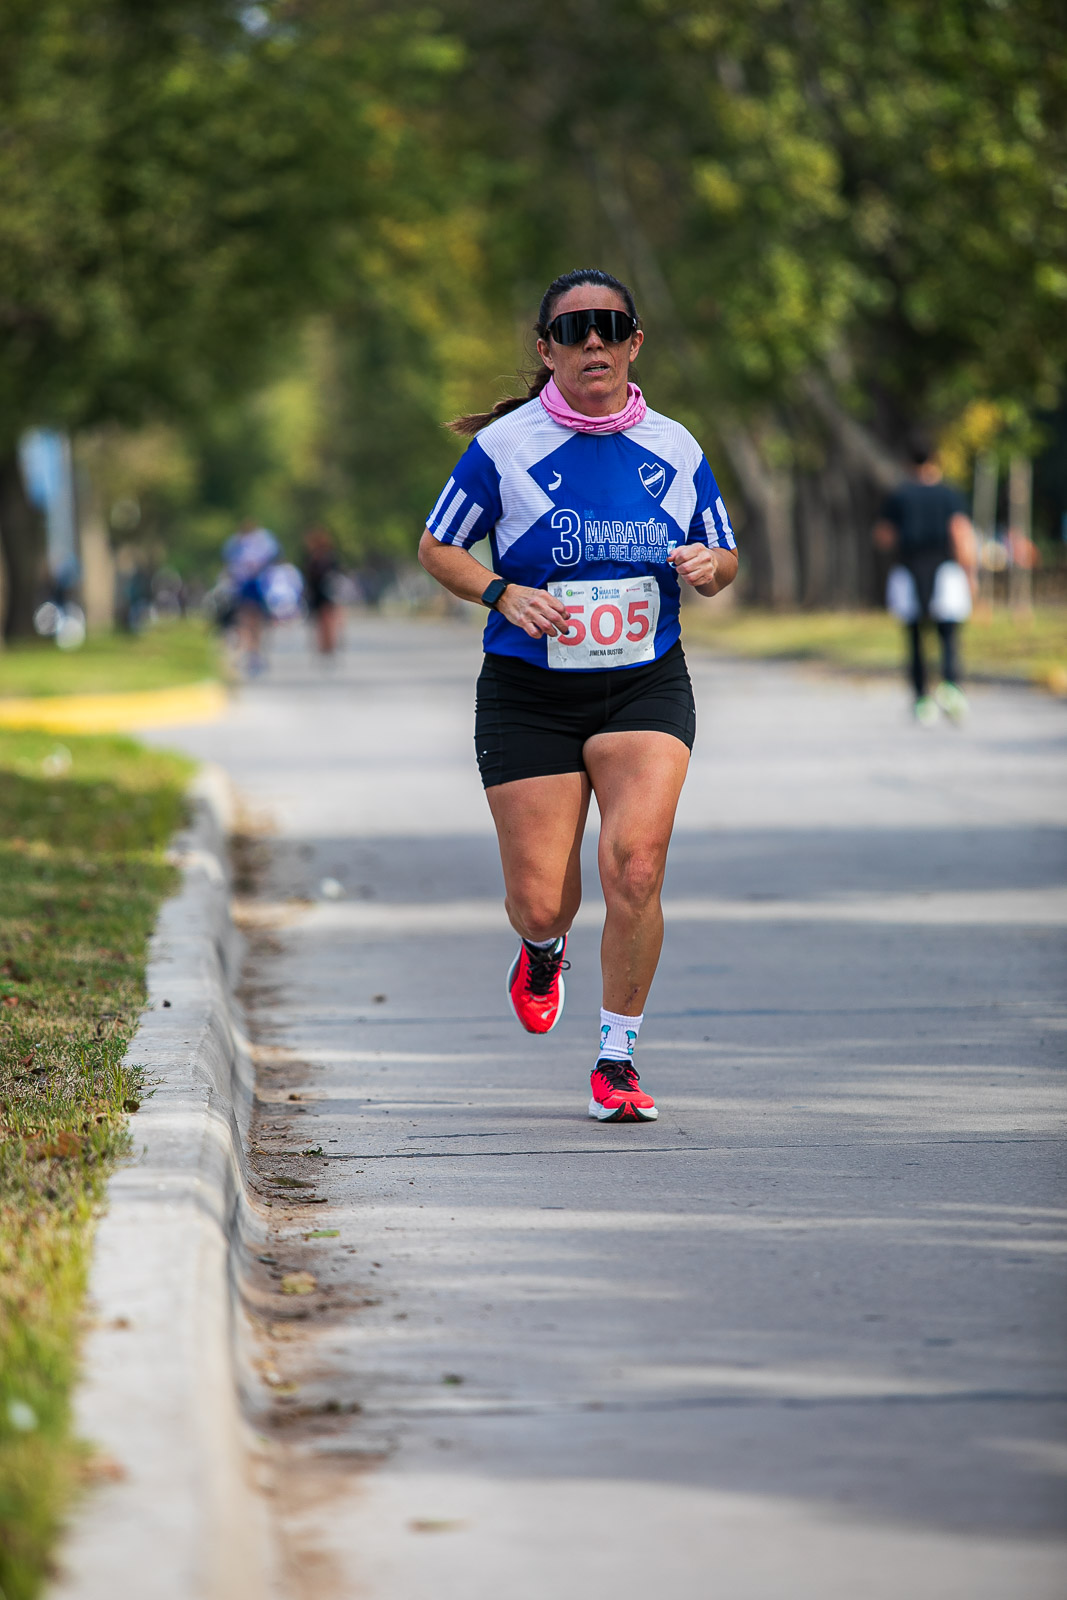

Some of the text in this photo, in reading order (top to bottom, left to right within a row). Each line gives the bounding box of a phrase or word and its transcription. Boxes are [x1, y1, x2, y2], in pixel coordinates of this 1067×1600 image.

[551, 509, 581, 567] 3
[584, 518, 669, 546] MARATÓN
[591, 586, 599, 601] 3
[557, 600, 650, 646] 505
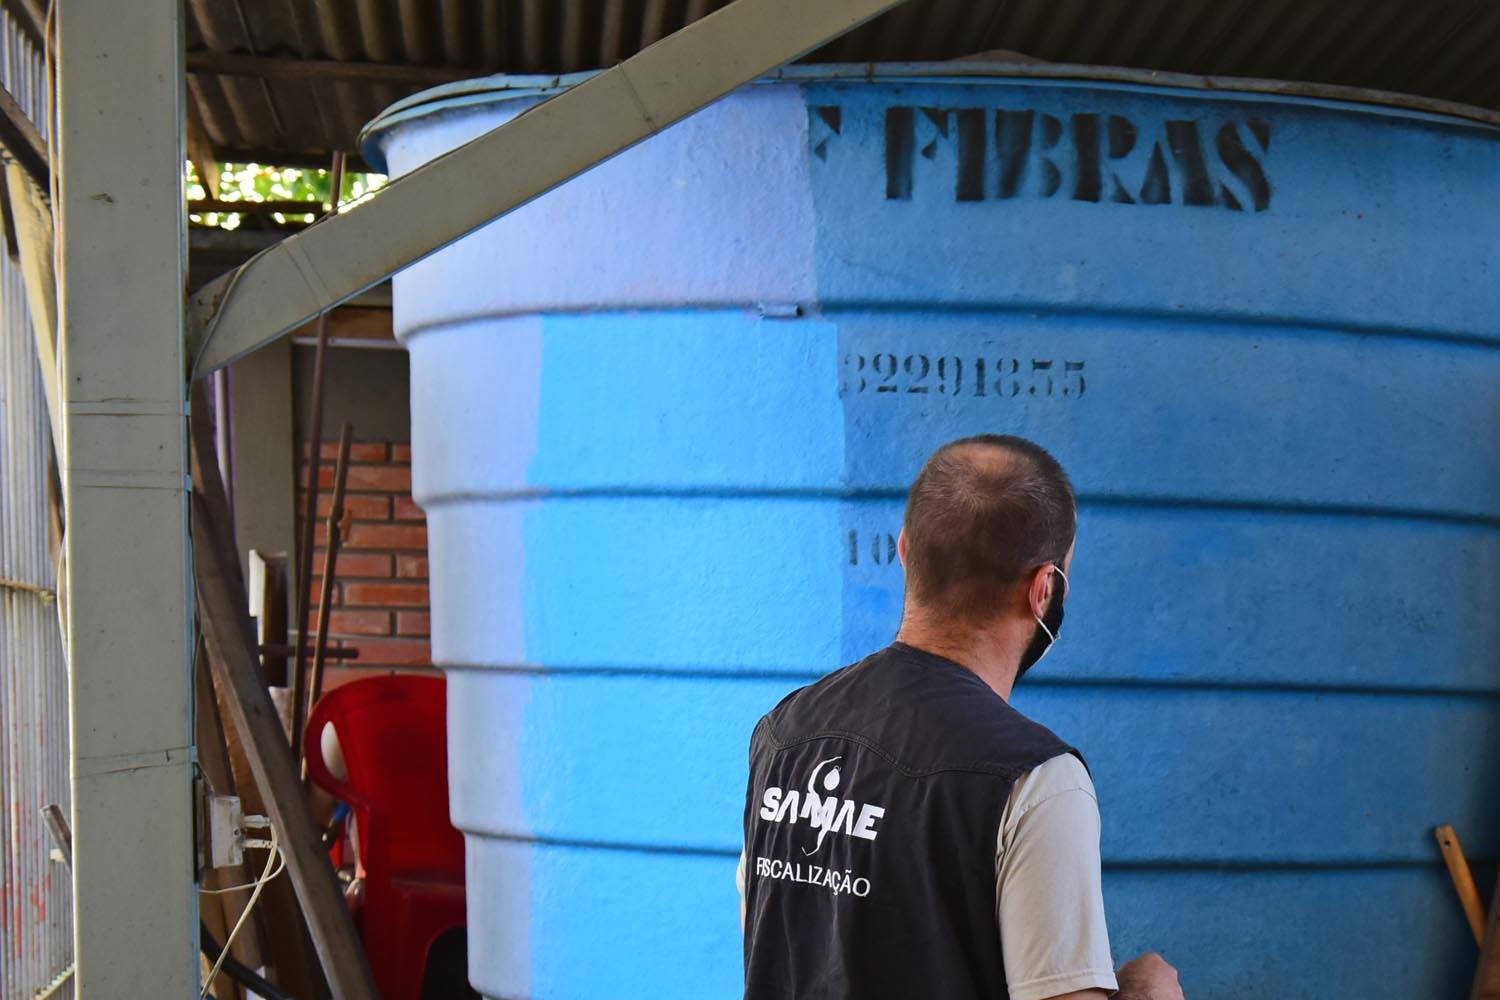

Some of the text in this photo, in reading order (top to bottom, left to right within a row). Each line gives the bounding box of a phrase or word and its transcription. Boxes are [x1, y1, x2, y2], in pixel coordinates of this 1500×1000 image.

[884, 106, 1273, 212] FIBRAS
[760, 787, 886, 841] SAMAE
[756, 856, 871, 897] FISCALIZAÇÃO
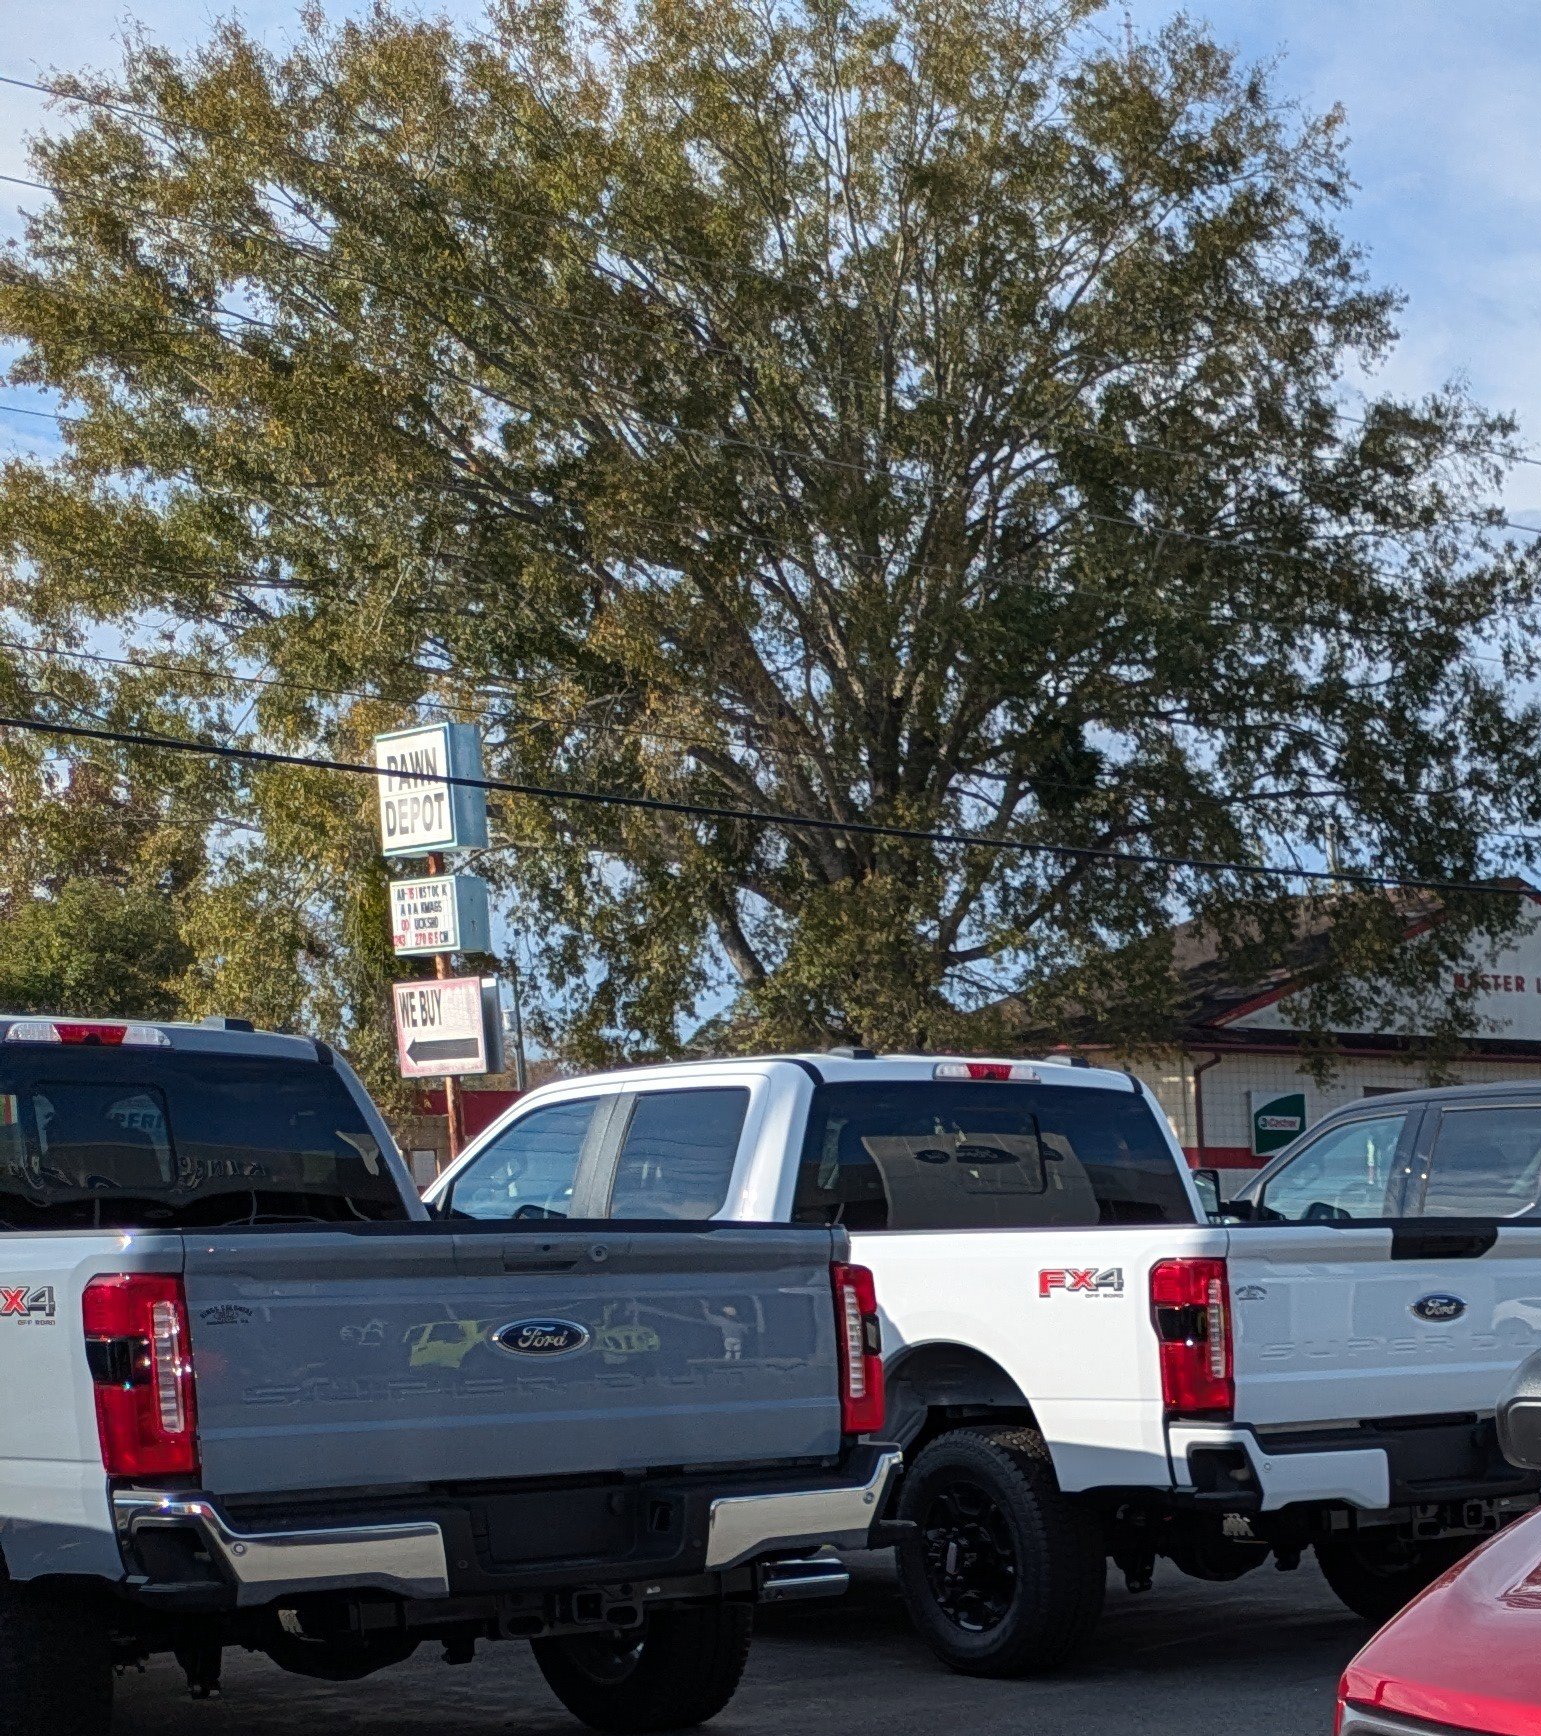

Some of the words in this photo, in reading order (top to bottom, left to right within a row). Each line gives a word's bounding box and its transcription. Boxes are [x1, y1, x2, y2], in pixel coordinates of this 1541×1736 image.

[386, 747, 440, 792] PAWN
[385, 792, 445, 837] DEPOT
[1453, 972, 1526, 993] MSTER
[399, 992, 418, 1028] WE
[418, 989, 442, 1027] BUY
[1038, 1267, 1124, 1298] FX4
[1424, 1298, 1457, 1316] Ford
[517, 1325, 569, 1348] Ford
[1258, 1334, 1456, 1359] SUPER
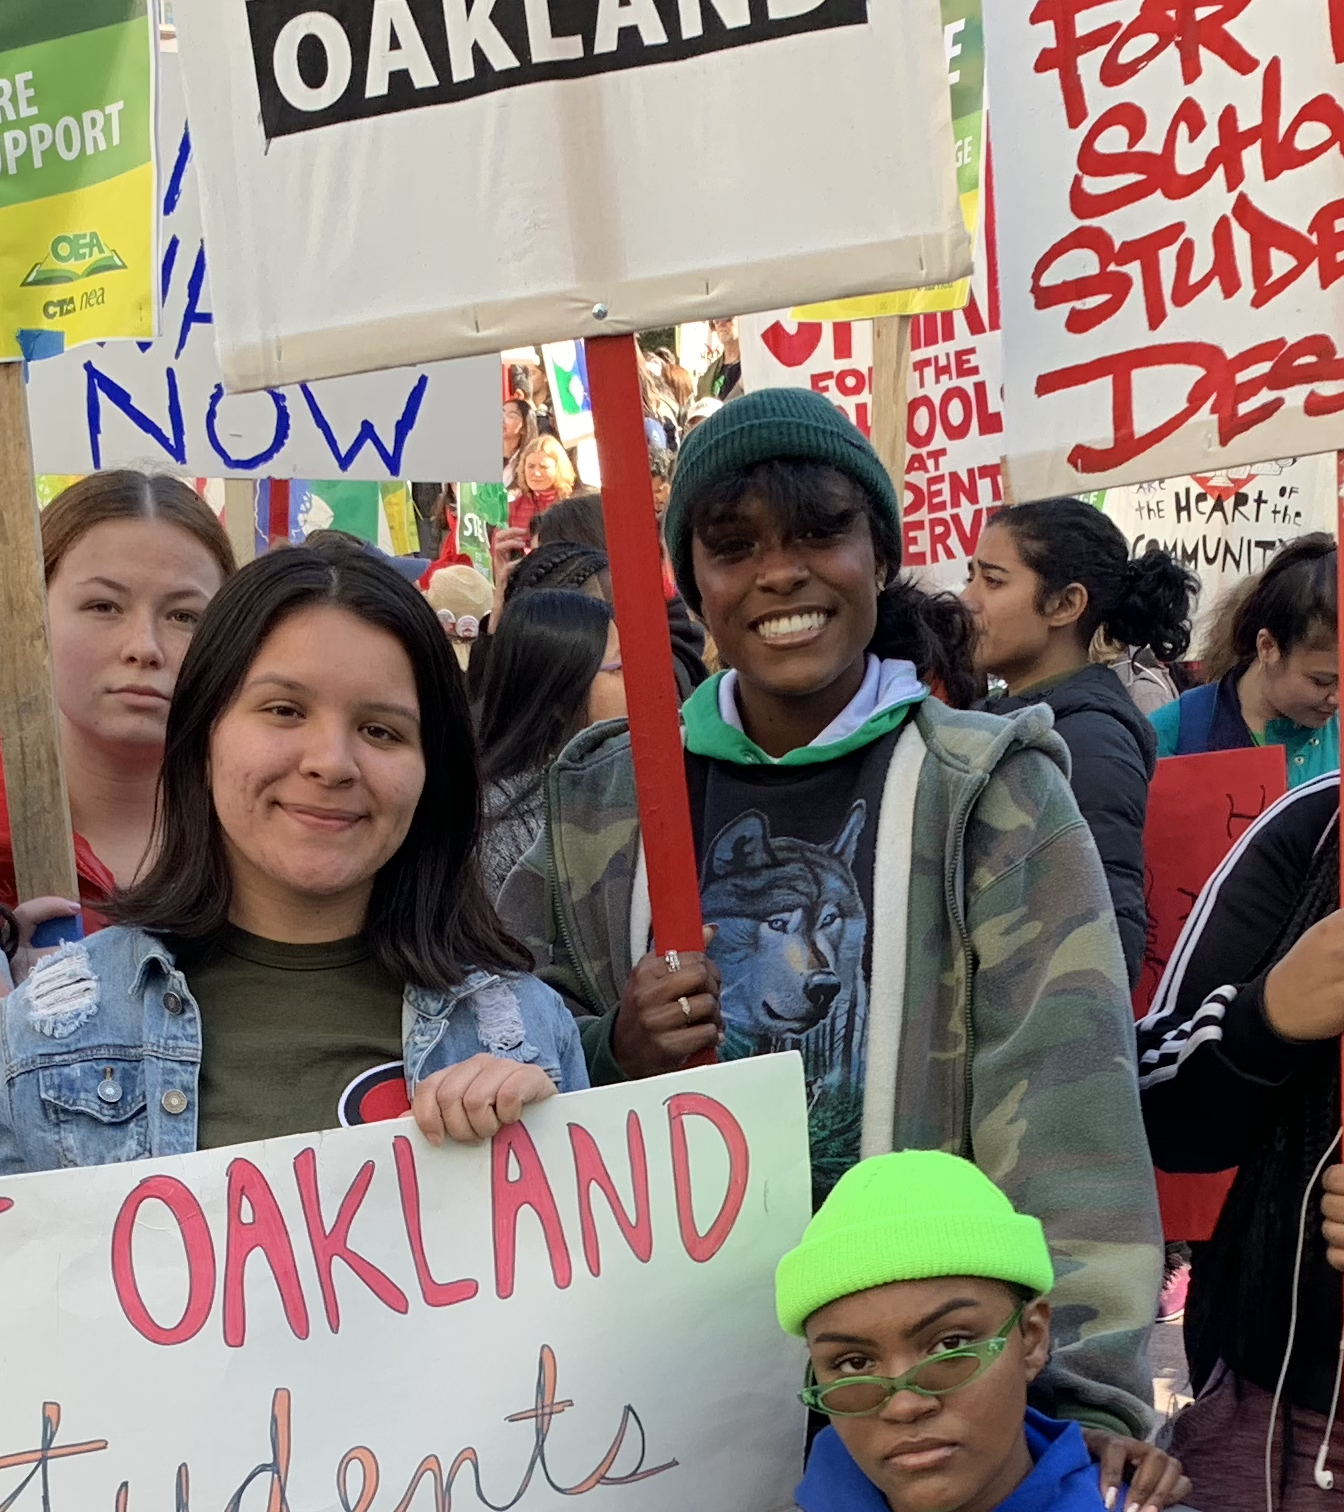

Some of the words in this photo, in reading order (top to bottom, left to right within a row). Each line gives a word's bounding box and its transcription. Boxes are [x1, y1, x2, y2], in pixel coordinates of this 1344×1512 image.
● ● ● ● ● ● ●
## EXERCISE DESCRIPTION
Print the data above exactly; drop every picture.

## RESPONSE FOR THIS EXERCISE
Some of the text in this photo, in reading order (top to bottom, left to right within a row). Each line gives the bounding box of a phrase or word and its transcription. Boxes are [x1, y1, x2, y2], in pixel coordinates of this 1067×1600 image.

[551, 509, 581, 567] 3
[584, 518, 669, 546] MARATÓN
[591, 586, 599, 601] 3
[557, 600, 650, 646] 505

Some of the text in this photo, in reading order (top to bottom, left to right within a row). Each line gives the bounding box of a phrase or word and its transcription. Boxes are [x1, y1, x2, y2], in pixel coordinates of this 1500×1000 image.

[884, 106, 1273, 212] FIBRAS
[760, 787, 886, 841] SAMAE
[756, 856, 871, 897] FISCALIZAÇÃO

Some of the words in this photo, in reading order (top to bottom, left to right within a row). Each line gives a word's bounding box and its transcription. Boxes are [x1, y1, x2, y2], in pixel coordinates of this 1541×1736 image.

[386, 747, 440, 792] PAWN
[385, 792, 445, 837] DEPOT
[1453, 972, 1526, 993] MSTER
[399, 992, 418, 1028] WE
[418, 989, 442, 1027] BUY
[1038, 1267, 1124, 1298] FX4
[1424, 1298, 1457, 1316] Ford
[517, 1325, 569, 1348] Ford
[1258, 1334, 1456, 1359] SUPER

Some of the words in this photo, in reading order (top to bottom, left to right within a row). Each line gives a word's bounding box and its transcription. Boxes are [x1, y1, x2, y2], in pixel coordinates of this 1344×1512 image.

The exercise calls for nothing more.